Raw data:
== Segment start ==

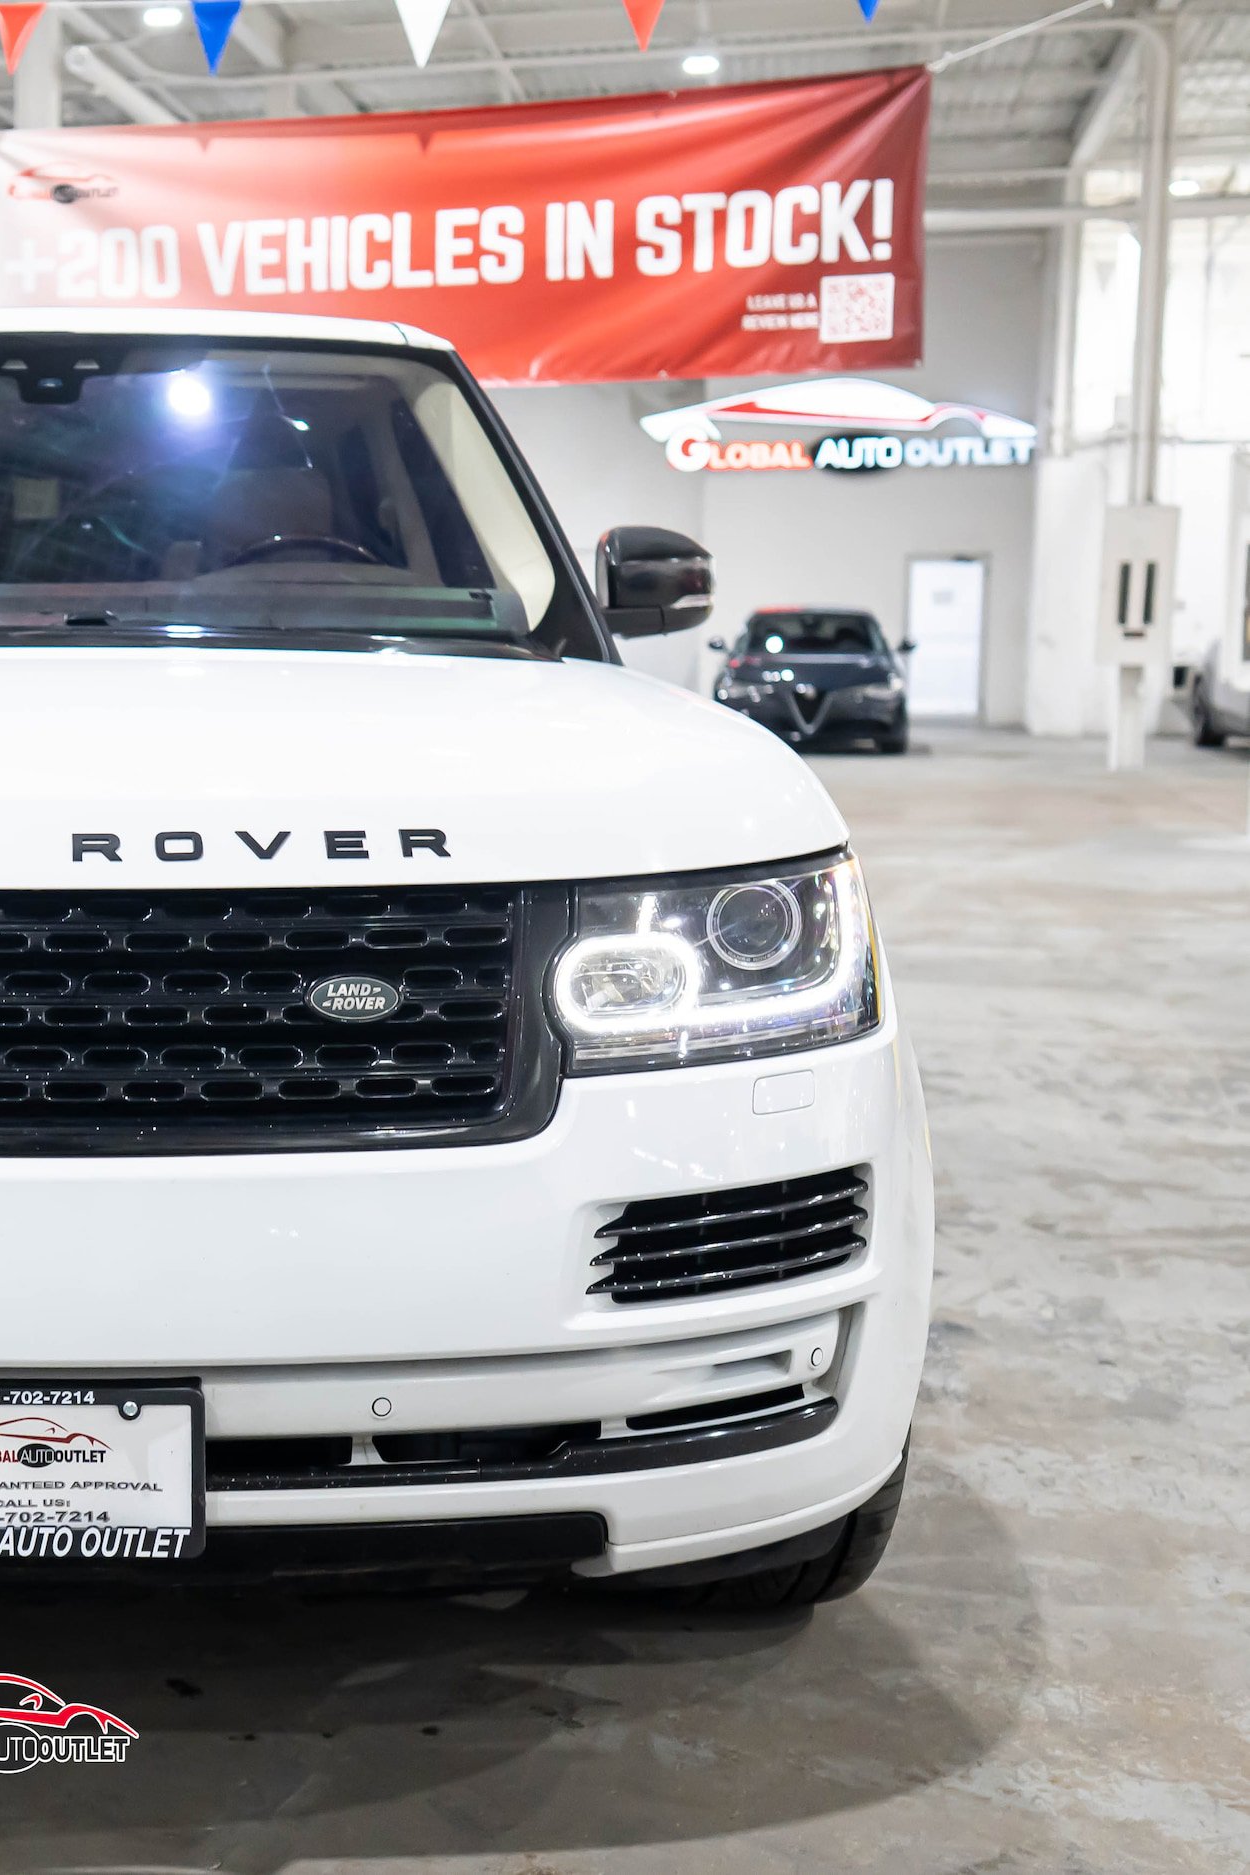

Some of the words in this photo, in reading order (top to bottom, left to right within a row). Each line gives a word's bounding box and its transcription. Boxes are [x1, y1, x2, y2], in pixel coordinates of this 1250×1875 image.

[5, 225, 180, 299] +200
[196, 205, 525, 297] VEHICLES
[545, 199, 615, 281] IN
[635, 178, 894, 277] STOCK!
[666, 425, 812, 472] GLOBAL
[814, 437, 903, 470] AUTO
[903, 437, 1035, 468] OUTLET
[72, 828, 452, 862] ROVER
[327, 983, 372, 998] LAND
[331, 996, 386, 1011] ROVER
[69, 1480, 163, 1492] APPROVAL
[42, 1499, 71, 1508] US:
[80, 1525, 191, 1559] OUTLET

== Segment end ==

Once the pictures are set aside, give the rest of the material again unchanged.

Some of the words in this photo, in reading order (top to bottom, left to right within a row). Each line gives a word's bounding box and its transcription. Boxes are [x1, y1, x2, y2], in pixel coordinates of this 1250×1875 image.

[5, 225, 180, 299] +200
[196, 205, 525, 297] VEHICLES
[545, 199, 615, 281] IN
[635, 178, 894, 277] STOCK!
[666, 425, 812, 472] GLOBAL
[814, 437, 903, 470] AUTO
[903, 437, 1035, 468] OUTLET
[72, 828, 452, 862] ROVER
[327, 983, 372, 998] LAND
[331, 996, 386, 1011] ROVER
[69, 1480, 163, 1492] APPROVAL
[42, 1499, 71, 1508] US:
[80, 1525, 191, 1559] OUTLET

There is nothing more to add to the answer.